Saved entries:

================================

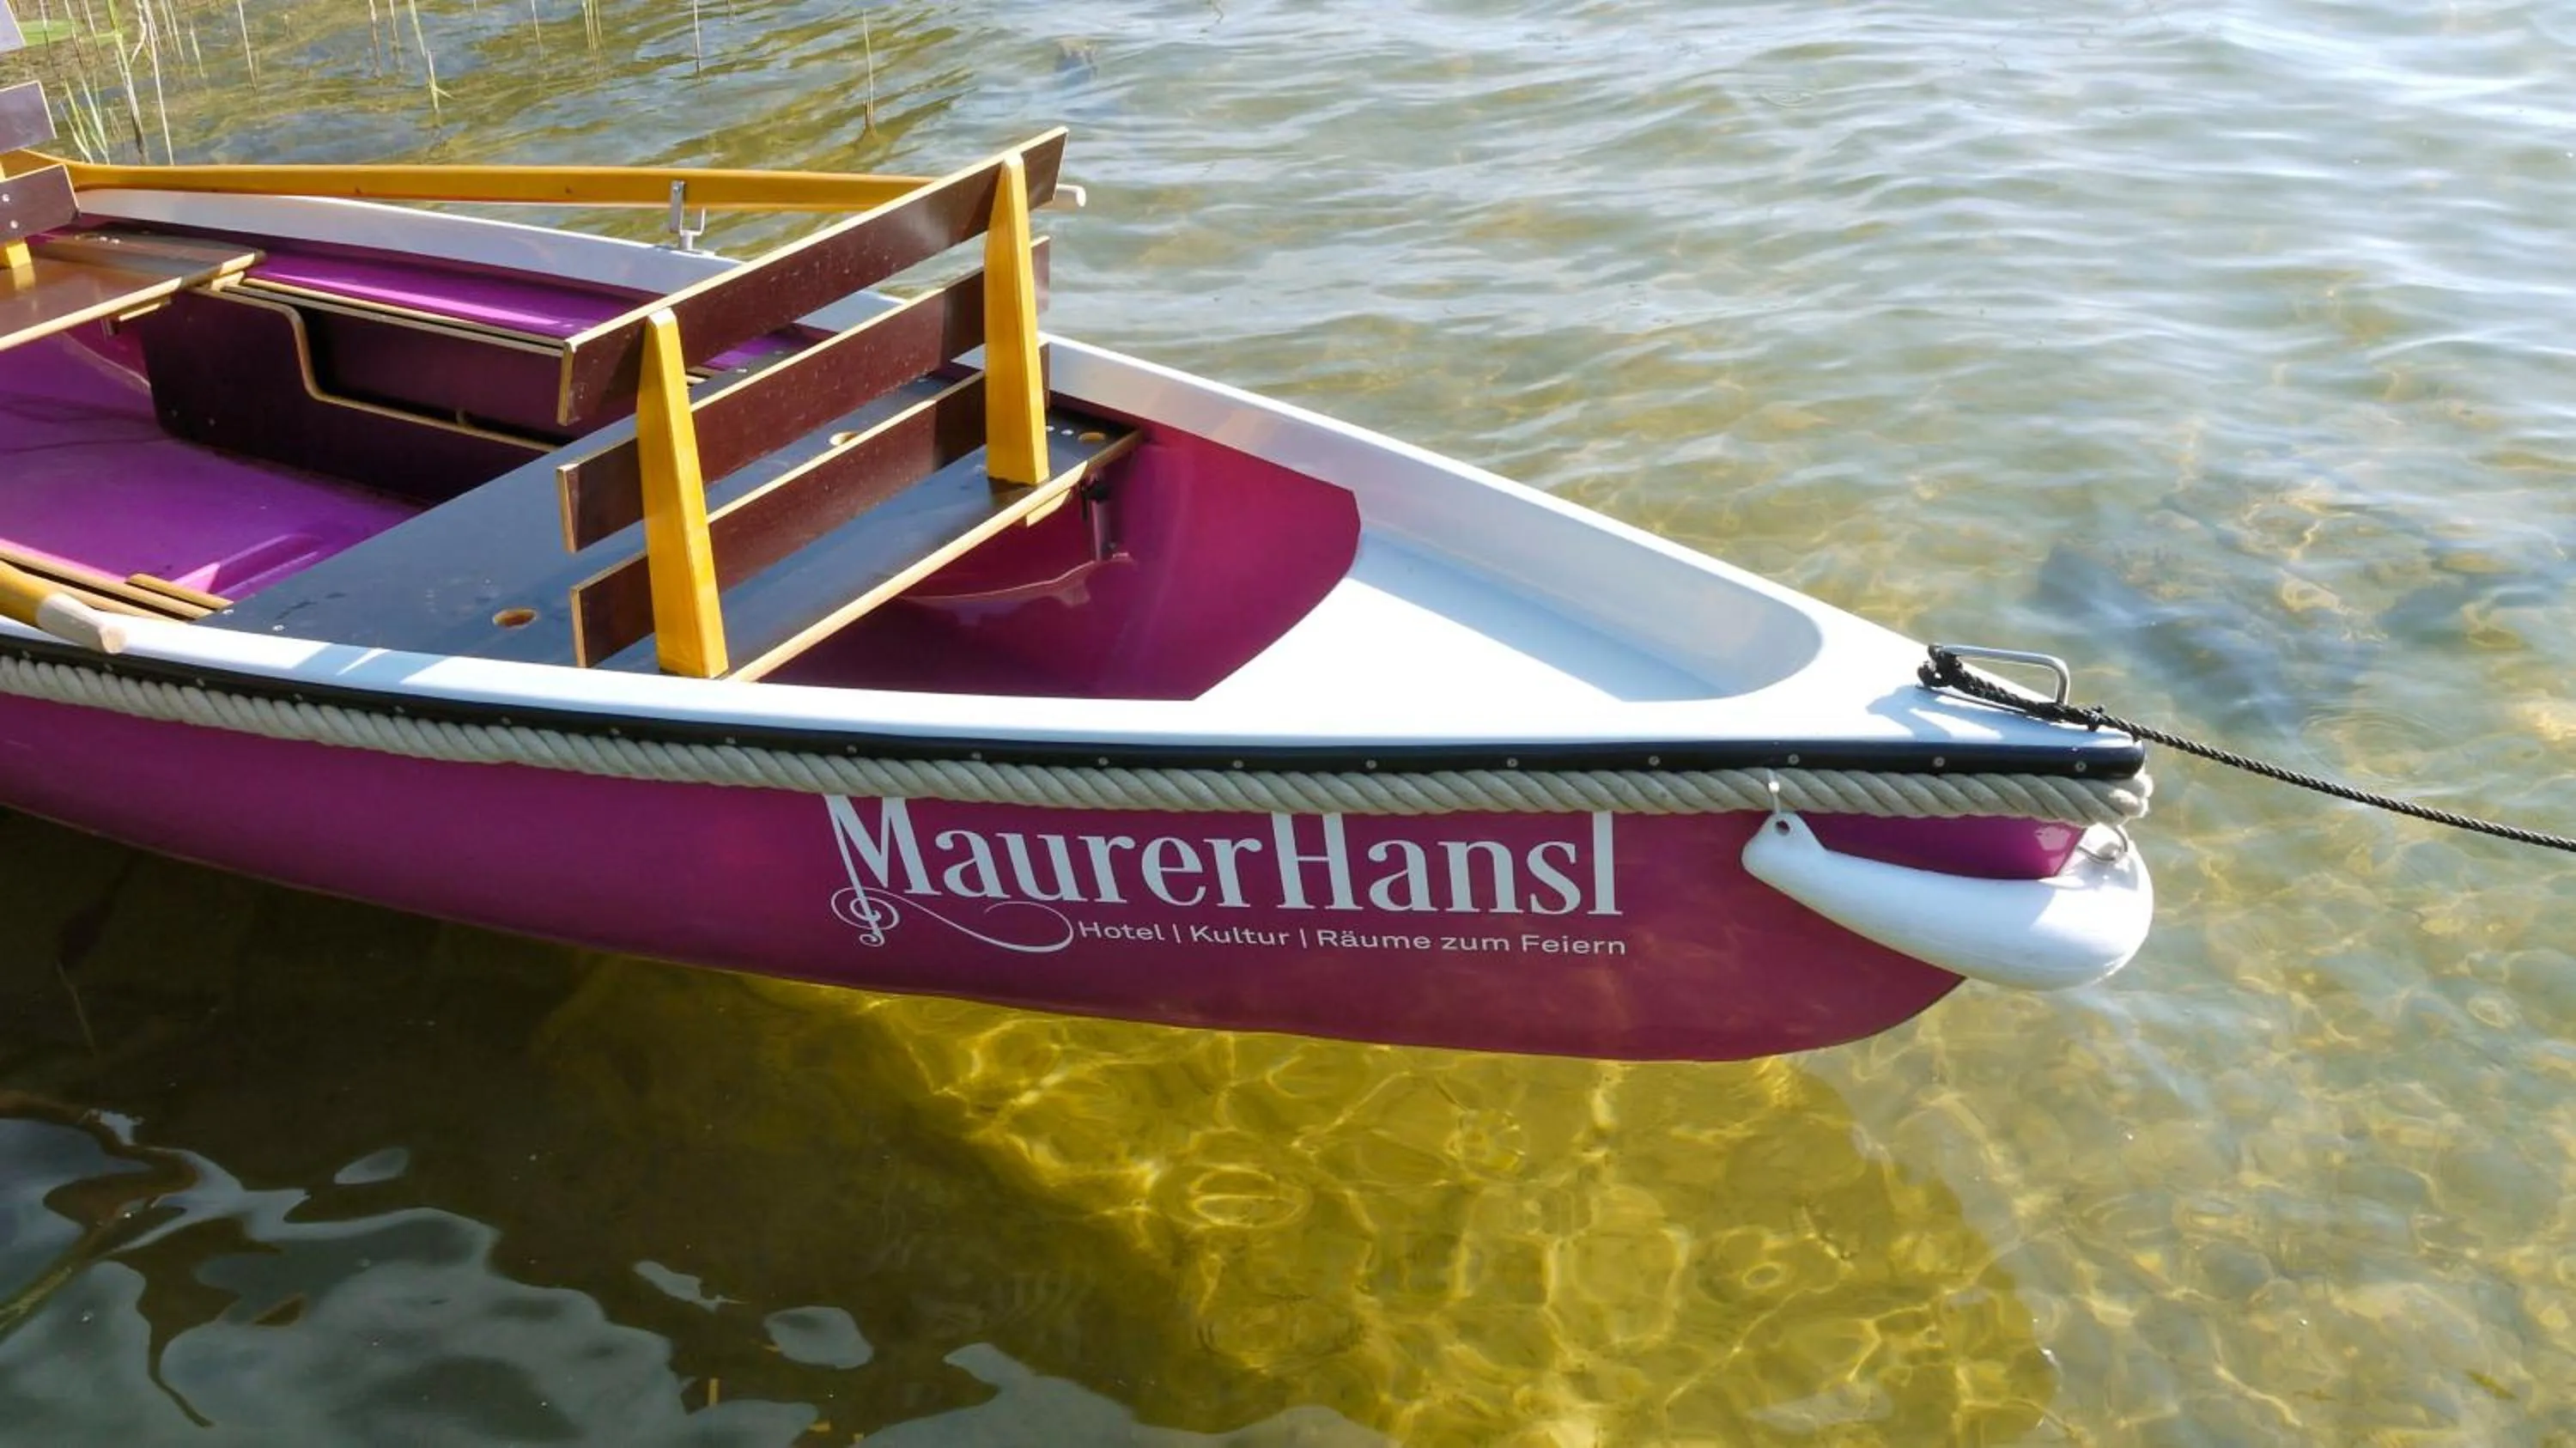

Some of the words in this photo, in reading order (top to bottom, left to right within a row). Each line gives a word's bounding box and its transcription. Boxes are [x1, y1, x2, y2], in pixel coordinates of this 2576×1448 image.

[823, 794, 1624, 917] MaurerHansl
[1078, 919, 1165, 942] Hotel
[1190, 924, 1290, 946] Kultur
[1317, 928, 1431, 951] Räume
[1440, 934, 1511, 952] zum
[1522, 934, 1626, 956] Feiern
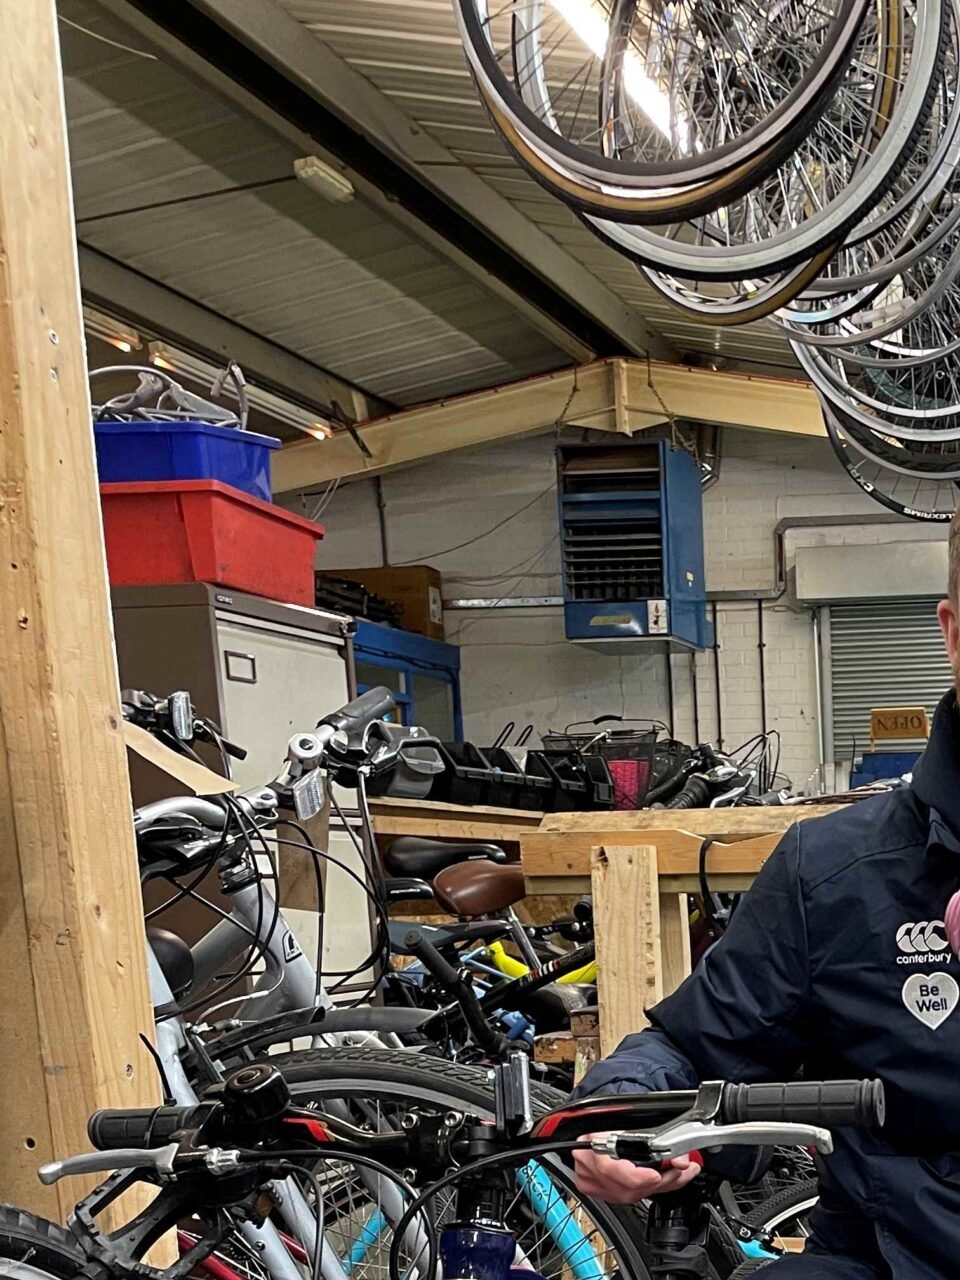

================================

(Directions for this task) Nothing but the records, repeated exactly and stripped of pictures, should appear in the answer.

(Written answer)
Some of the words in this photo, in reading order (top to bottom, left to right within a row). Each line gives a word's bounding box and its transcription. Boxes are [x1, y1, x2, y2], in pixel coordinates of this 2576×1448 image.

[823, 794, 1624, 917] MaurerHansl
[1078, 919, 1165, 942] Hotel
[1190, 924, 1290, 946] Kultur
[1317, 928, 1431, 951] Räume
[1440, 934, 1511, 952] zum
[1522, 934, 1626, 956] Feiern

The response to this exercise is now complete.